**The problem**
Copy every line of the records below that holds the word "AGENTE".

**Given records**
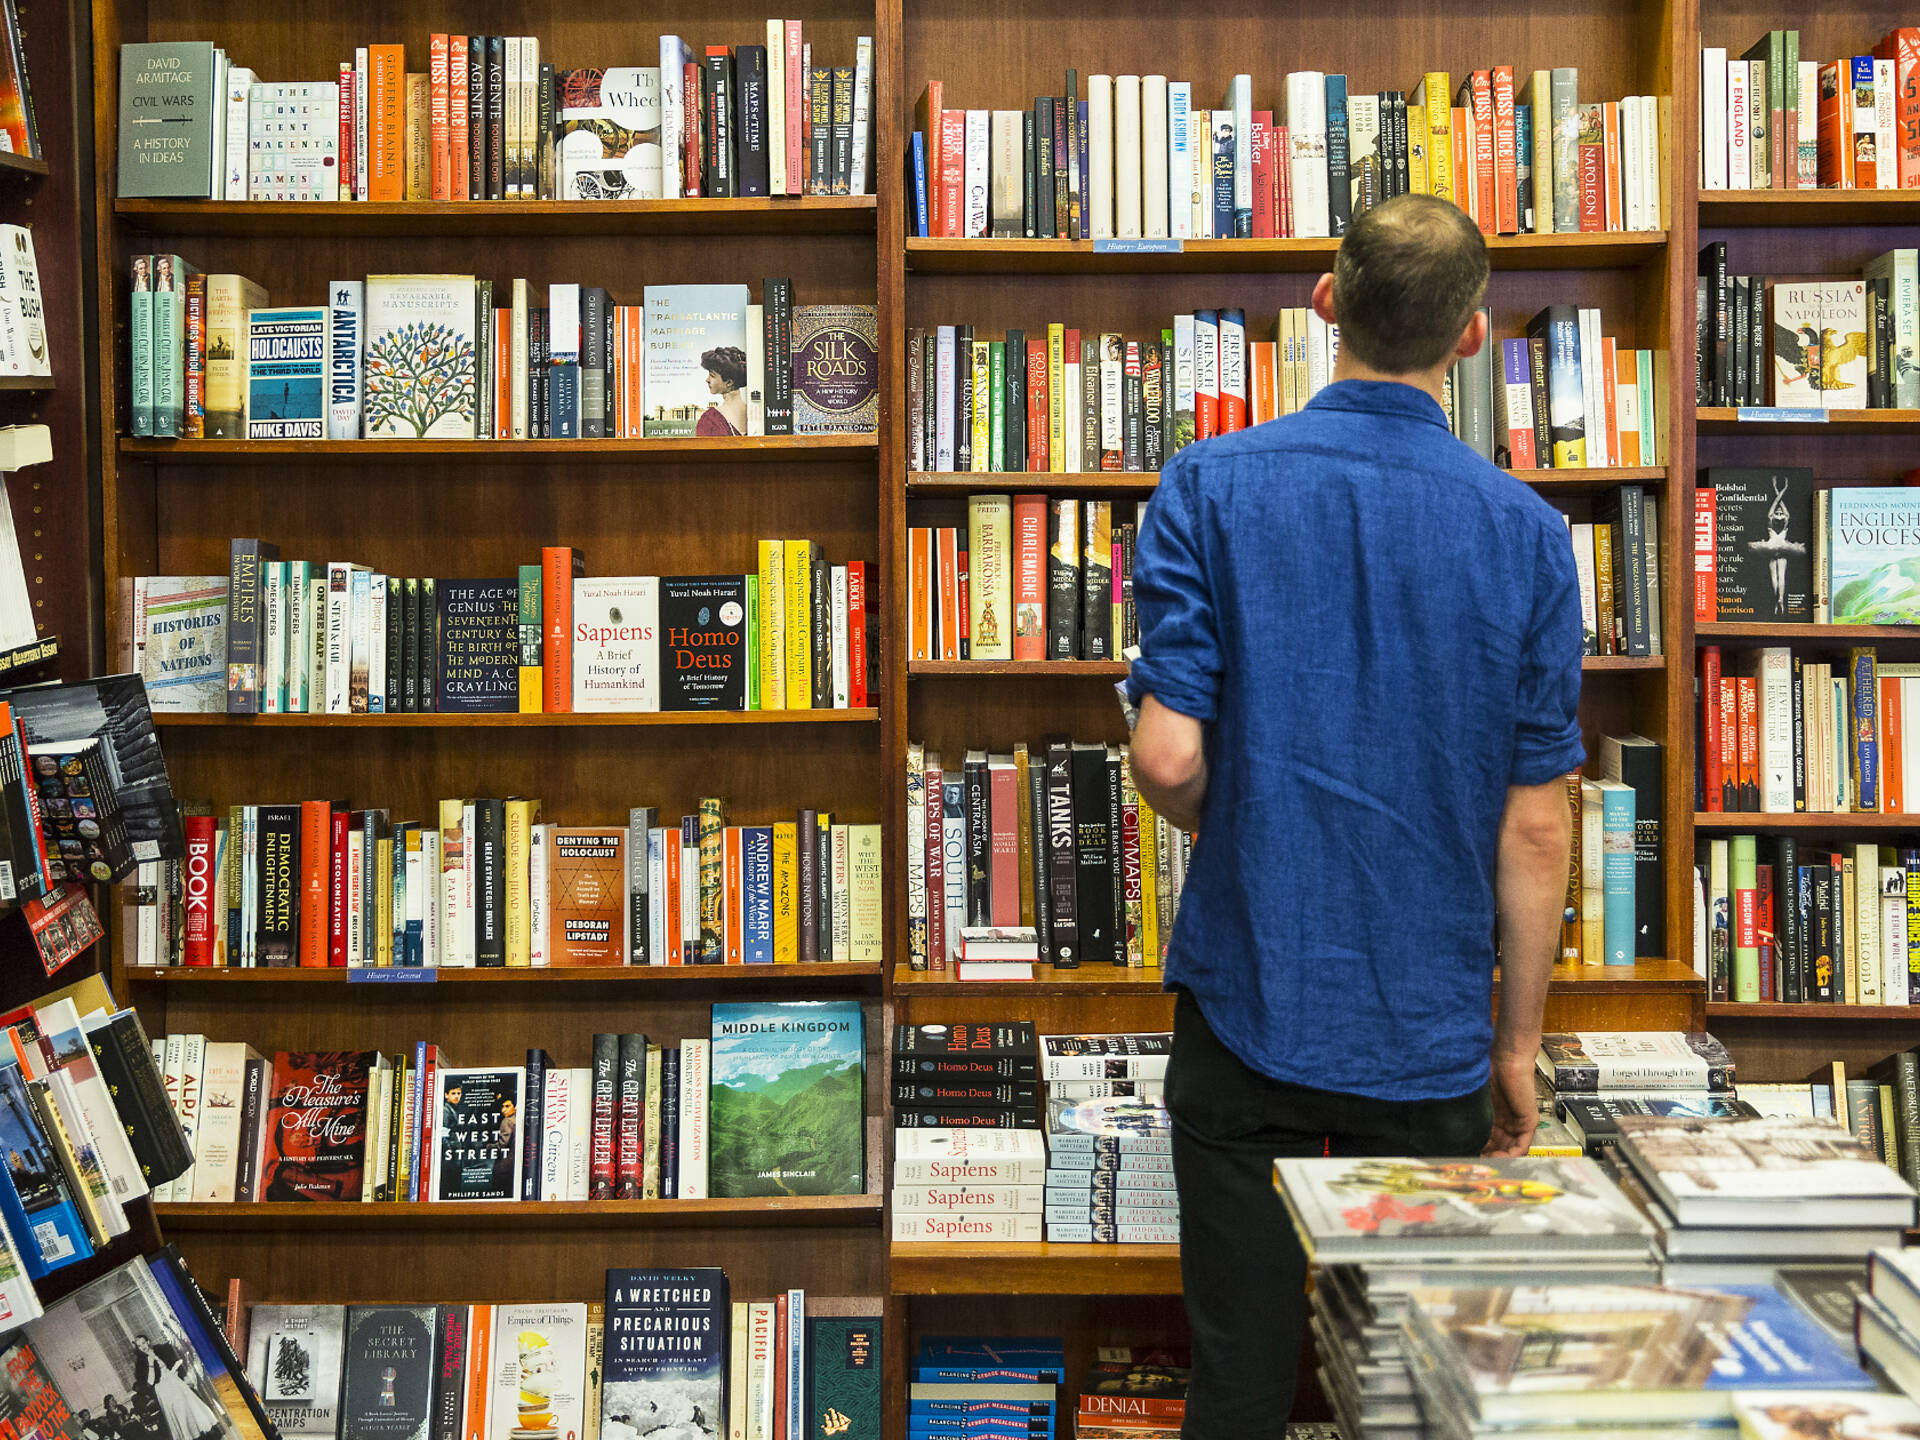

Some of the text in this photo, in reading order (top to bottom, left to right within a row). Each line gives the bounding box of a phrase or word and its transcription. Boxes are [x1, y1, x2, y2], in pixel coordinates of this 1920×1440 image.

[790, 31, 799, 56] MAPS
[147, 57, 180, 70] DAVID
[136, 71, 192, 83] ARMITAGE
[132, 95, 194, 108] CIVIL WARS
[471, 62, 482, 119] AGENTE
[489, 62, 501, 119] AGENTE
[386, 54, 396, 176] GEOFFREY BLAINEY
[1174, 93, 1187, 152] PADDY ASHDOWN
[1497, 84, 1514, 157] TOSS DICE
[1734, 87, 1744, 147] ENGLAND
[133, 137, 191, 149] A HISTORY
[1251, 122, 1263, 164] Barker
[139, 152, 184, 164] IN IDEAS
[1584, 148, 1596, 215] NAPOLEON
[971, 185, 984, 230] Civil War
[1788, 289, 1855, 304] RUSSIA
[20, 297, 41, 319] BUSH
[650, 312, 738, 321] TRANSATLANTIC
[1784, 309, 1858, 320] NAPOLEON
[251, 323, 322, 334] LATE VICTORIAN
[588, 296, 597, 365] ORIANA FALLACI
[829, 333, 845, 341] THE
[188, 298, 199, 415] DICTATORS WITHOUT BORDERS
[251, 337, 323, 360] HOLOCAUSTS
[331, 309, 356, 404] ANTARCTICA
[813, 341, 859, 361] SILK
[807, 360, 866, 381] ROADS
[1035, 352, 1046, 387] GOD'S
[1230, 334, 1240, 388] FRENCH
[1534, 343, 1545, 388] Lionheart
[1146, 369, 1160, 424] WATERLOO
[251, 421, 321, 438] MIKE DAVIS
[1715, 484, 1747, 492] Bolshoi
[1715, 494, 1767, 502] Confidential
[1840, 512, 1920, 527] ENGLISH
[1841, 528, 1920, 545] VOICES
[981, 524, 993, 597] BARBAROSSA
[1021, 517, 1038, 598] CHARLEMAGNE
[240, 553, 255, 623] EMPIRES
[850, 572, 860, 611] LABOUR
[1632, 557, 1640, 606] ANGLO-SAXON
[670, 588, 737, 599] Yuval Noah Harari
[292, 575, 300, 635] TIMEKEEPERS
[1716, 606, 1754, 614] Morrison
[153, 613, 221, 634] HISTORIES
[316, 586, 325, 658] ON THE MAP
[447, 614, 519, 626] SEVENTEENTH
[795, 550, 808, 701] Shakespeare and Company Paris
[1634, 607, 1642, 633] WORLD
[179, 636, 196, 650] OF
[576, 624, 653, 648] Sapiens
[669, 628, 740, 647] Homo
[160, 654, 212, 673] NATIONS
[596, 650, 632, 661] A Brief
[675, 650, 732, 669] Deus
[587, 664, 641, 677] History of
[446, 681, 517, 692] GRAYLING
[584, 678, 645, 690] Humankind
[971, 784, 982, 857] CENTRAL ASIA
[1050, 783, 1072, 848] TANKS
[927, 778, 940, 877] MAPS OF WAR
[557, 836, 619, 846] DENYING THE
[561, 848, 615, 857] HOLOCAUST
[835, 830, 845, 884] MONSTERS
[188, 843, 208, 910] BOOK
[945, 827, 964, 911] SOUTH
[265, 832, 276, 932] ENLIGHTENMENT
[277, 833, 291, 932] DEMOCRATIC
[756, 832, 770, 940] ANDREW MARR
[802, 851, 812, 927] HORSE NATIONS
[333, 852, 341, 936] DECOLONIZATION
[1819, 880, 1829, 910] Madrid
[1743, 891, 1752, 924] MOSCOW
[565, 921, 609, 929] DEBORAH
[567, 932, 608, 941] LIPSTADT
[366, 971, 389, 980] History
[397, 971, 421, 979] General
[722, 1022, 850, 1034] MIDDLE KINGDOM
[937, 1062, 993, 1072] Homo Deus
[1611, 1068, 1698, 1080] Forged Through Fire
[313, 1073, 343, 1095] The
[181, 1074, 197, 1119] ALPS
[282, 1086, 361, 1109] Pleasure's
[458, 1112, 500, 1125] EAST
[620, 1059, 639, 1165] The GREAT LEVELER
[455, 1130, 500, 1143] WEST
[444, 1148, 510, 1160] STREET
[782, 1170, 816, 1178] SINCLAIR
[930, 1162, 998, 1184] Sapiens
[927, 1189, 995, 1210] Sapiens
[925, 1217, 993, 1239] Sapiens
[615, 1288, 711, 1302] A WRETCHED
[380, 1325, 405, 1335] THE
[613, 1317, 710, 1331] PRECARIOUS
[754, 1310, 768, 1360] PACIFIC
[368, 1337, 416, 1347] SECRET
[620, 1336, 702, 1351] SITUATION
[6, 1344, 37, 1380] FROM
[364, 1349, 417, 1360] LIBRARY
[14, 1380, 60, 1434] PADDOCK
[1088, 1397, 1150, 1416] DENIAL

**Solved problem**
[471, 62, 482, 119] AGENTE
[489, 62, 501, 119] AGENTE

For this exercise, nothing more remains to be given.